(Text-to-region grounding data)

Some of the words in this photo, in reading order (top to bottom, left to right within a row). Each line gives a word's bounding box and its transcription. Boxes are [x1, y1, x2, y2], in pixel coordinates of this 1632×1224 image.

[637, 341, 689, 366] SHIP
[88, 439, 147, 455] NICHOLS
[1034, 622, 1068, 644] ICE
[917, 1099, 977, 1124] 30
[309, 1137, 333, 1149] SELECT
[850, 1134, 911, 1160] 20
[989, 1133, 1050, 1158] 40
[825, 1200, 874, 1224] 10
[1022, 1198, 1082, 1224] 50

▸ **DESCRIPTION OF THE TASK**: The answer should be the full set of records, reproduced exactly.

▸ **FINAL ANSWER**:
Some of the words in this photo, in reading order (top to bottom, left to right within a row). Each line gives a word's bounding box and its transcription. Boxes are [x1, y1, x2, y2], in pixel coordinates of this 1632×1224 image.

[637, 341, 689, 366] SHIP
[88, 439, 147, 455] NICHOLS
[1034, 622, 1068, 644] ICE
[917, 1099, 977, 1124] 30
[309, 1137, 333, 1149] SELECT
[850, 1134, 911, 1160] 20
[989, 1133, 1050, 1158] 40
[825, 1200, 874, 1224] 10
[1022, 1198, 1082, 1224] 50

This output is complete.